Colpita da una scritta apparsa su un
muro di Lecce, l'autrice, filosofa scrittrice legata al mondo del femminismo della seconda
ondata definito "della differenza", ci conduce in un'analisi non facile ma appassionante
dell'uso della forza, della violenza e dell'azione nella ricerca della costruzione di una
società migliore fondata sulla pace e l'armonia. Gli individui, spiega, dato per certo
che il contratto sociale non viene rispettato dallo Stato, possono riprendersi il tacito
consenso all'ordine che regola la convivenza e riprendersi l'intera disponibilità di
sè e della propria forza. Non per questo si imbarbariranno.
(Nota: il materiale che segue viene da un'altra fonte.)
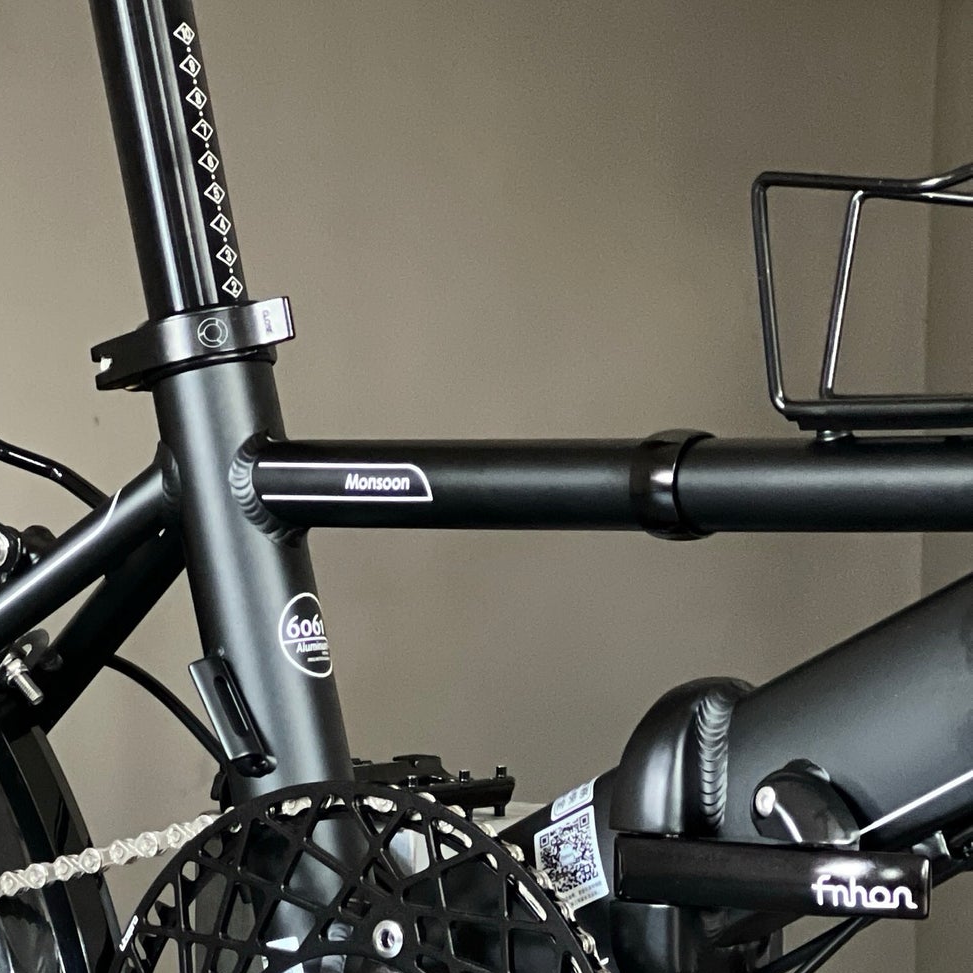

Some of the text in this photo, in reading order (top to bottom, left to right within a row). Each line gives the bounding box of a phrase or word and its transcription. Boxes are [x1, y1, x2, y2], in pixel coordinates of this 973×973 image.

Mentre l'uso della forza da parte dello
Stato è diventato irresponsabile, possiamo smettere di farci risucchiare da forme
politiche senz'anima e invece trasformare in politica le forme di convivenza e
civiltà che pratichiamo quotidianamente.
Contro il potere dunque possiamo
opporre la Politica, che è ben altro, ma "a chi detiene un potere io non mi presento
dichiarando che ho rinunciato all'uso della forza fino alla violenza se necessario... Chi non usa
la sua forza quando gli sarebbe utile e necessario, sembra stupido, ma chi vi ha rinunciato
a priori, lo diviene realmente."
E qui, ricollegandoci al titolo del
pamphlet, scopriamo che la violenza non è a nostra discrezione, non possiamo farne quello
che vogliamo, ma piuttosto si impadronisce di noi, quasi fosse dio, e noi possiamo
diventare un mezzo di manifestazione della violenza, di una violenza giusta in quanto divina.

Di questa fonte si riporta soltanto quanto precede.